Os doshas se desequilibram e reequilibram a partir do princípio samanya vishesha siddhanta, isto é, “os iguais aumentam os iguais, os diferentes diminuem os diferentes”. Por exemplo: para quem é competitivo, quanto mais estiver exposto às competições e estimular a competitividade, maior será o desequilíbrio nas funções psicobiológicas. Alguém com essa característica (predomínio pitta), necessita de atividades colaborativas e cooperativas para manter o equilíbrio e a boa saúde física e mental.
Conforme o guna predominante e a combinação prevalecente dos doshas, a entidade viva é dotada de uma “natureza peculiar”. Assim, quando a entidade viva entra em contato com a “natureza material”, ela se torna condicionada por essas qualidades e substâncias.
Gunas e doshas, portando, são as forças que determinam a natureza da estrutura psicobiológica de uma pessoa; eles são responsáveis pelos padrões biológicos e psicológicos de percepção e resposta aos estímulos externos e internos, pela manutenção da saúde geral e a longevidade, e configuram as tendências básicas individuais de ação e pensamento.
O estudo dos gunas e doshas é fundamental para se alcançar o conhecimento correto sobre a “força que nos move”. Estamos sujeitos à “força da natureza”, somos levados pelas nossas tendências – a natureza que manifesta o karma individual – até o momento em que descobrirmos, que em nós mesmos, se encontra o “poder da transformação”, que é a consciência cósmica (Citta).
Transformar vem do latim transformare, cujo significado é “através de” (trans) “dar forma” (formare).
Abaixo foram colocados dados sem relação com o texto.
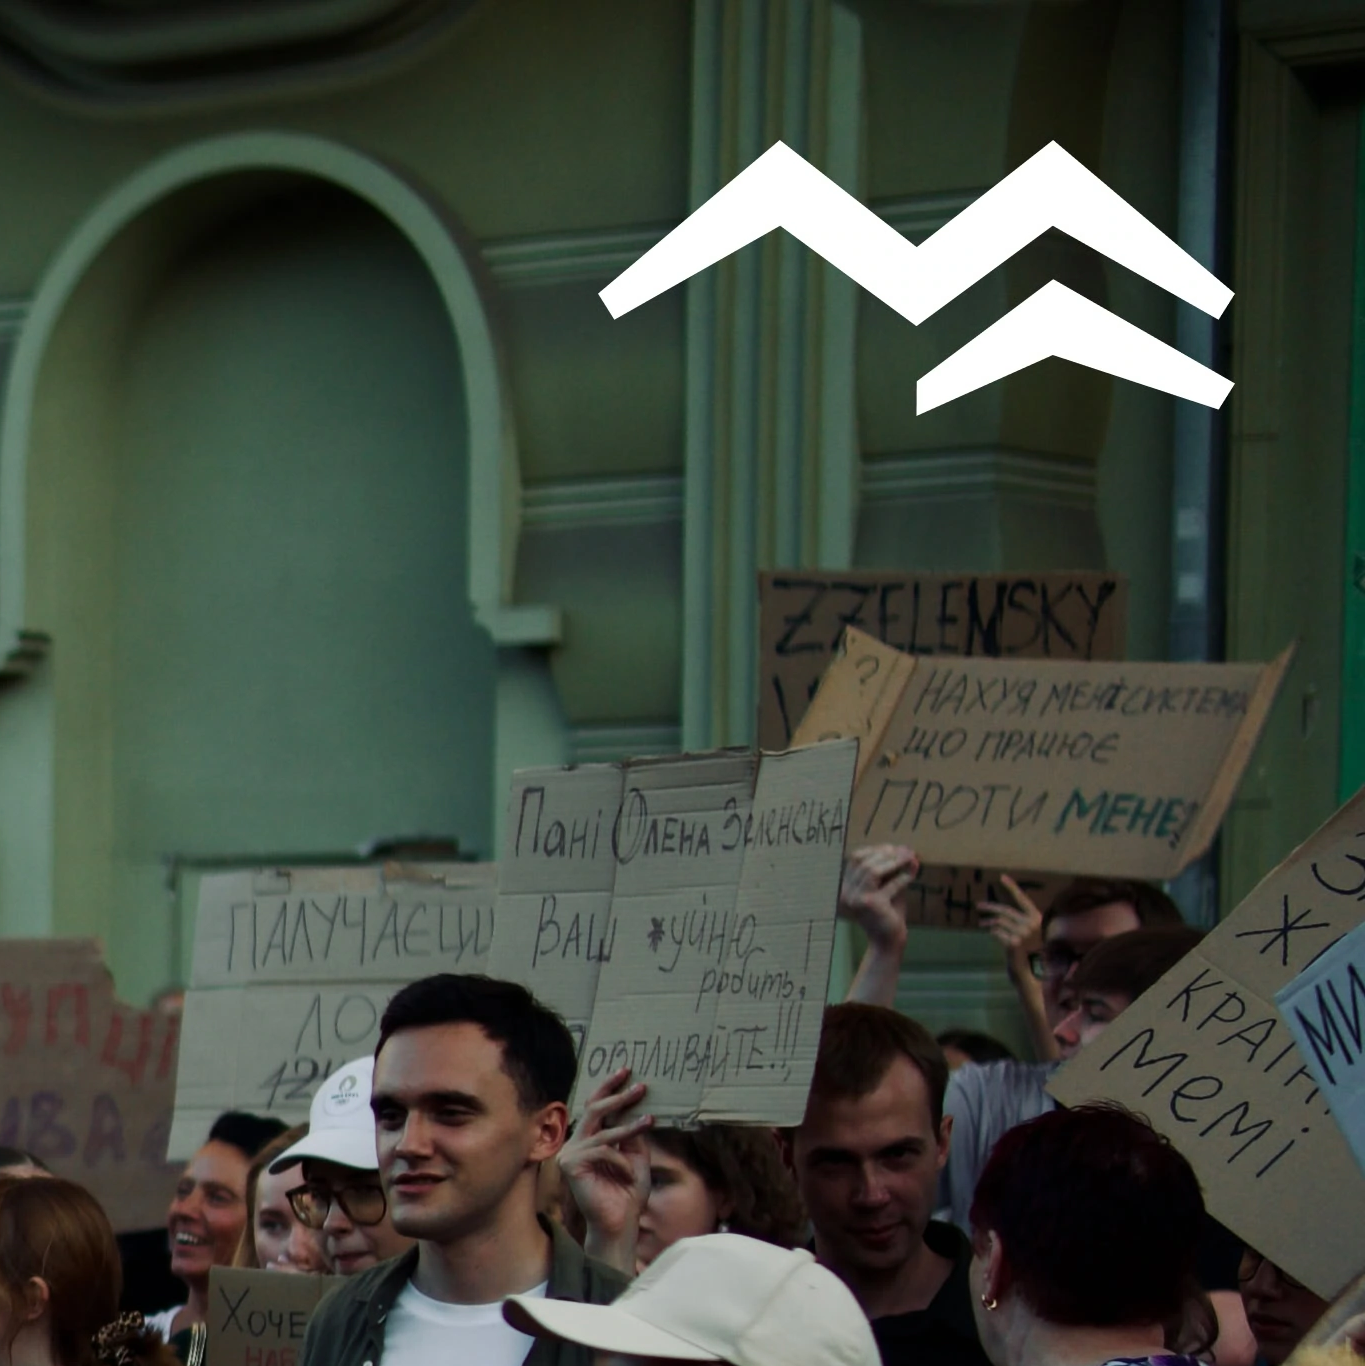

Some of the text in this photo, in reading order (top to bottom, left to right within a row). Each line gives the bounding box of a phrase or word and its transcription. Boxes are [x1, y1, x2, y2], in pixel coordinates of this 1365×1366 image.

[772, 579, 1117, 660] ZZELENSKY
[913, 668, 1038, 717] НАХУЯ
[903, 725, 1120, 764] ЩО ПРАЦЮЄ
[865, 777, 1050, 836] ПРОТИ
Transformar é “dar forma através de”, ou seja, “converter”, “fazer mudar de aspecto”. Tem a ver com transmutação, isto é, “mudar de uma coisa para outra”.
A “força da natureza” é o que nos mantém aprisionados aos ciclos ininterruptos de nascimentos-mortes (samsara) e nos ilude com seus encantos. Essa força nos ata de tal modo, que é difícil se libertar da materialidade e evoluir para a espiritualidade.
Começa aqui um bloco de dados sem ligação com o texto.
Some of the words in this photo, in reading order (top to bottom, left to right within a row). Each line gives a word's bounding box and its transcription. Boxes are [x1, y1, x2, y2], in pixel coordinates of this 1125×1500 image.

Porém, algo maior que a “força da natureza” é o “poder do espírito”. É o espírito que vivifica e faz com que a matéria se manifeste, e que a natureza se expresse em suas “mil formas”. Somente o “poder do espírito” – Citta – é capaz de superar a “força da natureza” e transformar a nossa “aventura terrena” na mais bela “jornada espiritual”.
Uma pessoa dominada pela “natureza tamásica” pode, pelo “poder do espírito”, esforço e dedicação, fazer prevalecer a “natureza rajásica”; e desta, a partir de bons pensamentos e ações altruístas, conduzir-se para a “natureza sátivica”.
Expressões genuínas de generosidade, simplicidade, humildade, sabedoria e compaixão refletem as características da “natureza sátivica”. É estabelecido em sattva que a transformação pelo yoga será realizada.
A prática do yoga, logo, conduz a essa “transformação da natureza”. As experiências proporcionadas pelo yoga realizam mudanças no “mundo interior” (despertam a consciência) que, como consequência, se refletem em mudanças no “mundo exterior” (na realidade material).
Pelo yoga, portanto, é possível mudarmos o predomínio de uma qualidade para outra. E o primeiro passo para nos libertarmos dos condicionamentos é o conhecimento da influência dos gunas sobre o nosso comportamento. É o início da jornada para realizarmos a perfeita equanimidade, a plena harmonia e a serenidade entre os “dois mundos”.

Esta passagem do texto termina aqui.